Evidence and research priorities cited at the meeting
- Funding and trial pipeline: Participants cited roughly $1.5 billion in NIH funding targeted at long COVID research to date and said much more pragmatic and coordinated trial work is needed. NIH described four Recovery/TLC interventional trials currently under way: low‑dose naltrexone, GLP‑1 agents, stellate ganglion block and baricitinib.
- Biomarkers and diagnostics: Multiple speakers urged development and independent validation of diagnostic biomarkers that can stratify patients (for example, those with persistent viral antigen versus autoantibody‑driven disease). Dr. Bruce Patterson and others said diagnostic stratification is central both to recruiting appropriate clinical trial cohorts and to assessing response to therapy.

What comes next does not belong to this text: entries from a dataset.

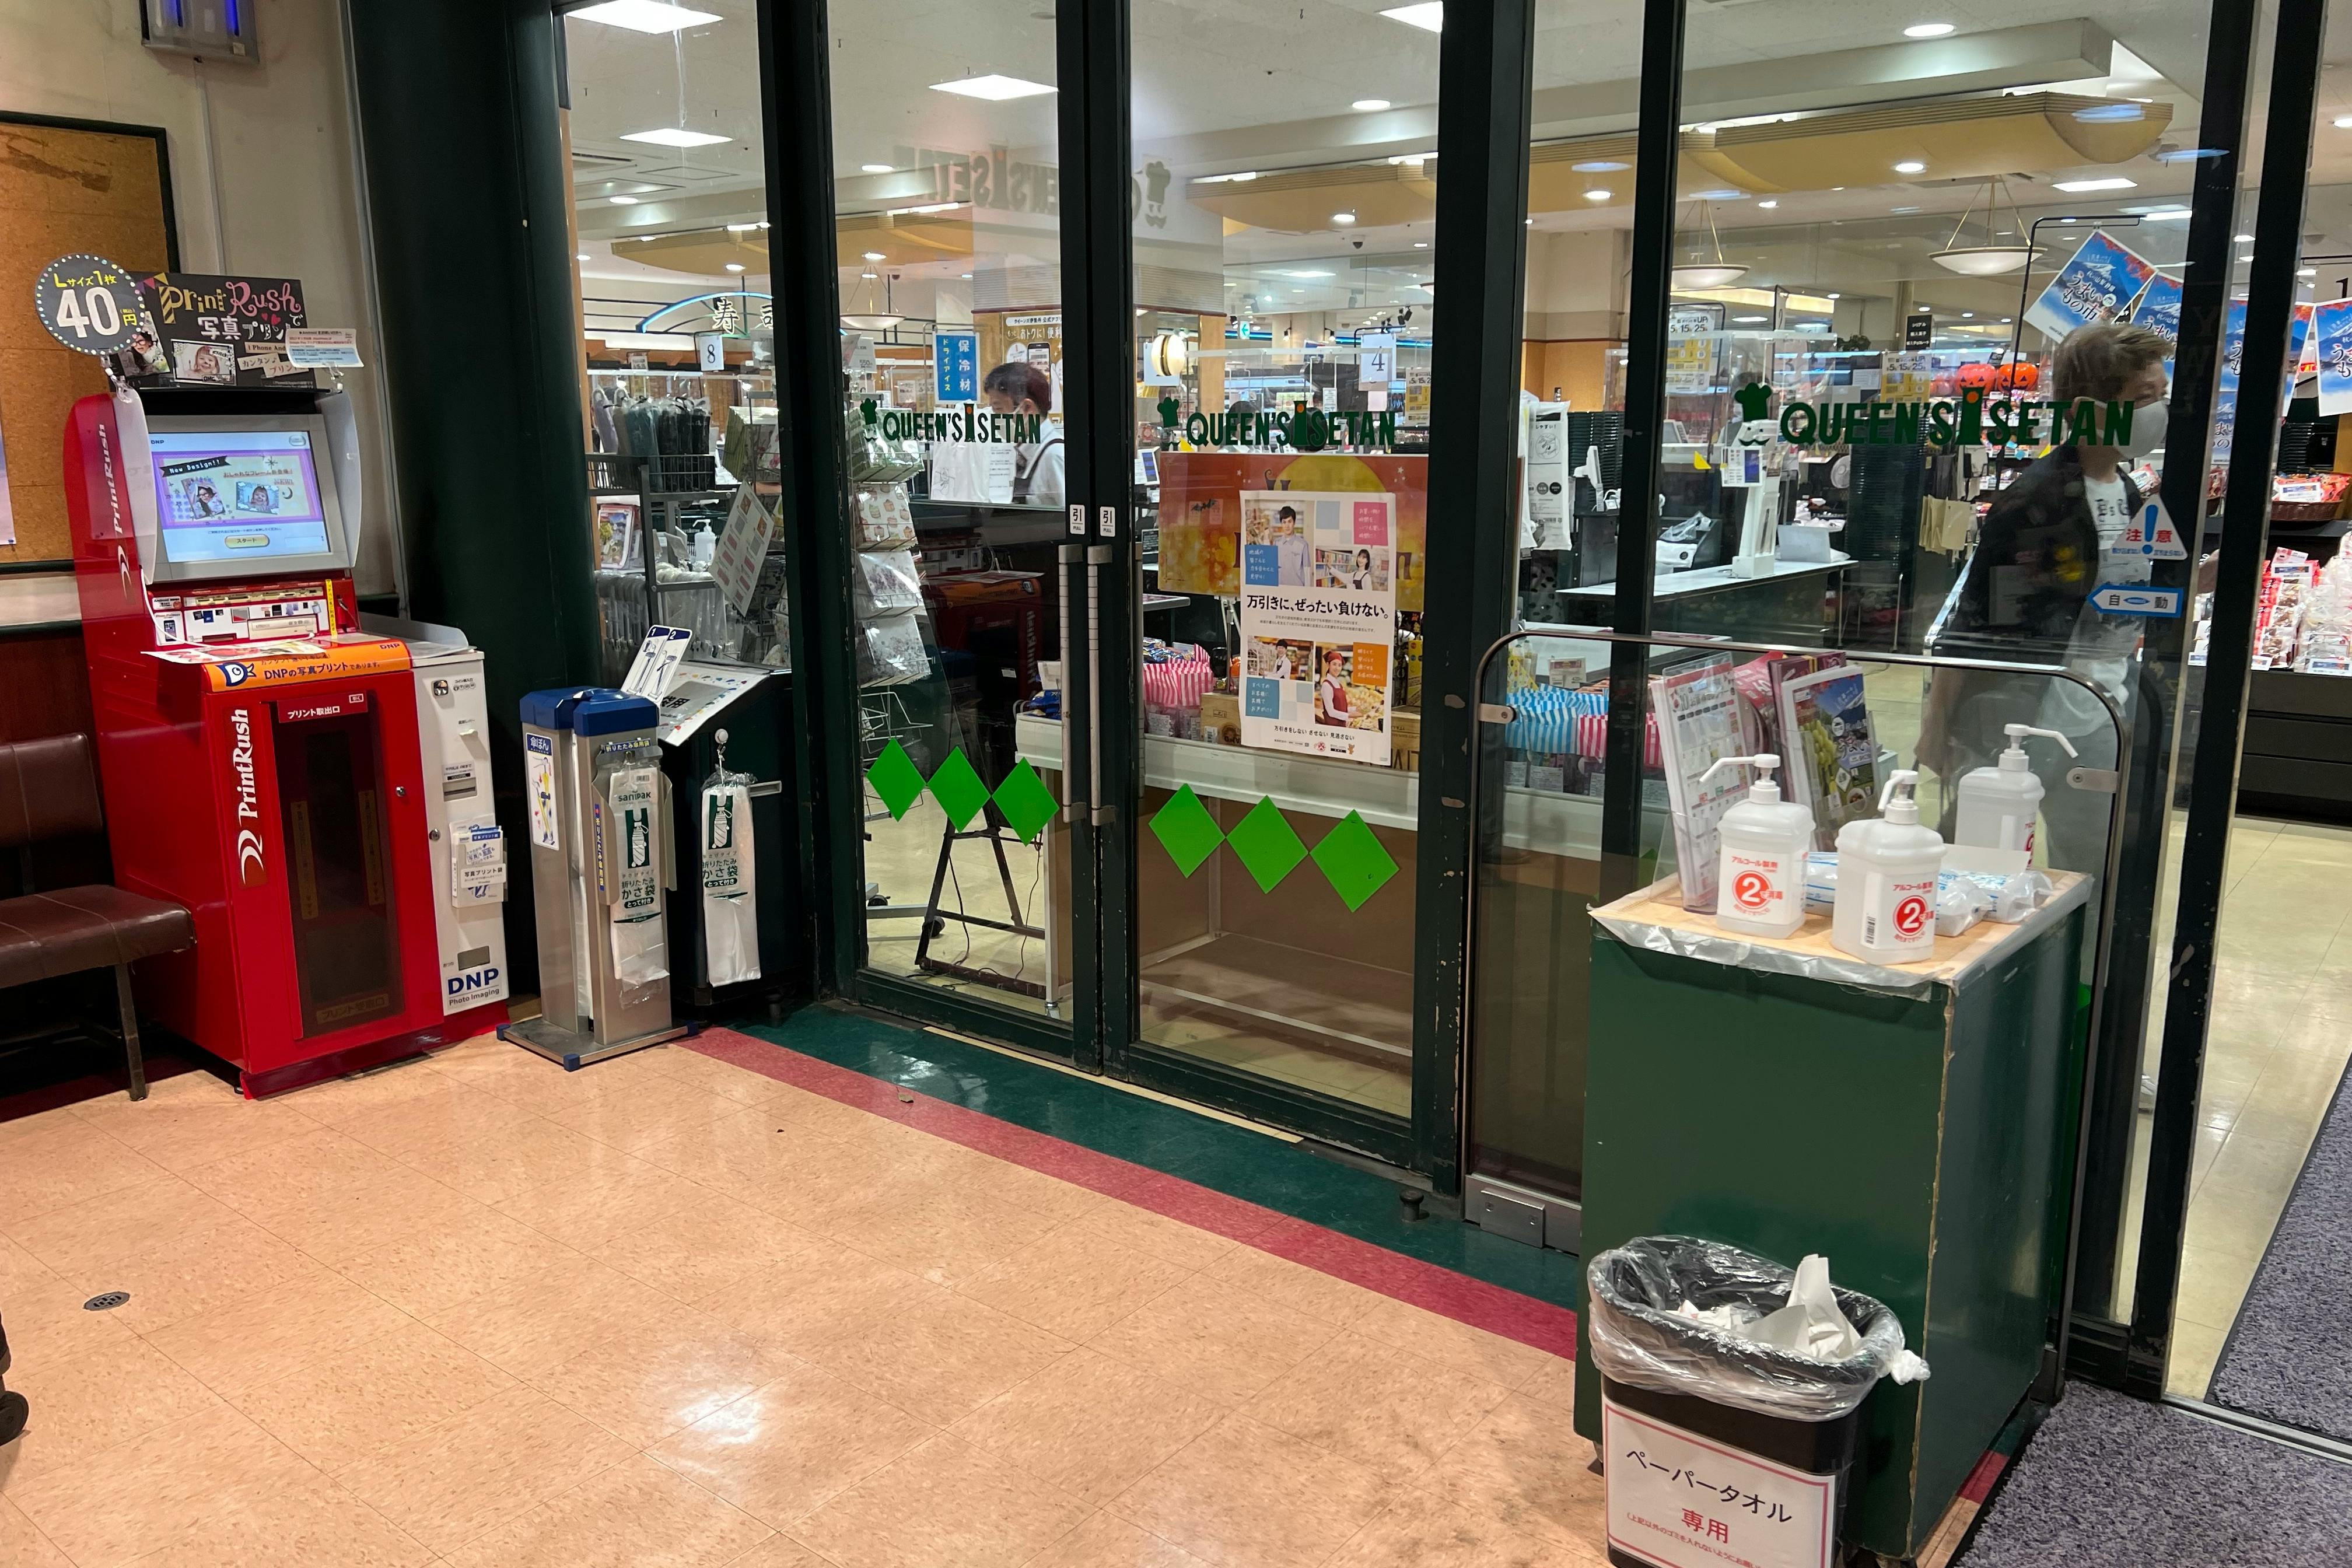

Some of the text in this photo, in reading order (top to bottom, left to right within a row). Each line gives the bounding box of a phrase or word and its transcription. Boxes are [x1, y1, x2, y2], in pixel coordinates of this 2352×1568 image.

[197, 315, 291, 341] 写真プリン
[707, 344, 716, 364] 8
[942, 338, 952, 392] ドライアイス
[958, 339, 971, 392] 保冷材
[1371, 345, 1385, 372] 4
[269, 363, 293, 374] プリン
[883, 412, 963, 442] QUEEN'S
[1185, 411, 1290, 447] QUEEN'S
[1780, 401, 1954, 446] QUEEN'S
[1073, 508, 1082, 522] 引
[1103, 510, 1112, 524] 引
[1247, 594, 1389, 620] 万引きに、ぜったい負けない。
[650, 628, 657, 636] 1
[669, 631, 677, 640] 2
[1274, 725, 1307, 734] 万引きをしない
[231, 708, 258, 825] PrintRush
[621, 885, 655, 900] かさ袋
[1741, 877, 1761, 903] 2
[1902, 902, 1921, 929] 2
[447, 968, 499, 995] DNP
[449, 988, 500, 1006] Photo Imaging
[1626, 1448, 1793, 1524] ペーパータオル
[1681, 1507, 1730, 1545] 専用

- Data access and federation: Several participants, including outside researchers, urged wider access to RECOVER and other federal datasets. HHS staff said they are working on a “real‑world data platform” to make government data more usable while protecting patient privacy.
Limits and next steps
No formal policies or approvals were adopted during the roundtable. HHS officials said the immediate next steps are: to build the CDC‑hosted website and data platform; to finalize ARPA‑H’s short‑term investment plan; and to accelerate NIH’s trial portfolio and processes for faster funding review. Jason Roos (ARPA‑H) said planning would move on a timeline of weeks rather than months. Participants urged a public‑private pharma roundtable and more rapid biomarker validation through FDA engagement.
Voices from the meeting
- “We’re launching a long COVID consortium,” Secretary Kennedy said when opening the session. - “Long COVID is real. It’s been underestimated and overestimated,” Marty McCary, FDA commissioner, told the group. - “I don’t wanna wait to know everything about the physiology… I don’t wanna wait to be able to get the perfect diagnostic test, before we start to have… real answers for patients,” Jay Bhattacharya, NIH director, said. - “We discovered a new mechanism… that there can be viral persistence in the absence of replication,” Dr. Bruce Patterson said of his team’s analytics and clinical experience.
The meeting highlighted broad agreement among agency leaders, patient advocates and clinician‑researchers that faster, coordinated work is needed. Officials committed to concrete next steps — a CDC website and data platform, a rapid ARPA‑H planning effort and an expanded NIH trial portfolio — while continuing to emphasize the need to validate biomarkers and to engage industry and academics in randomized trials.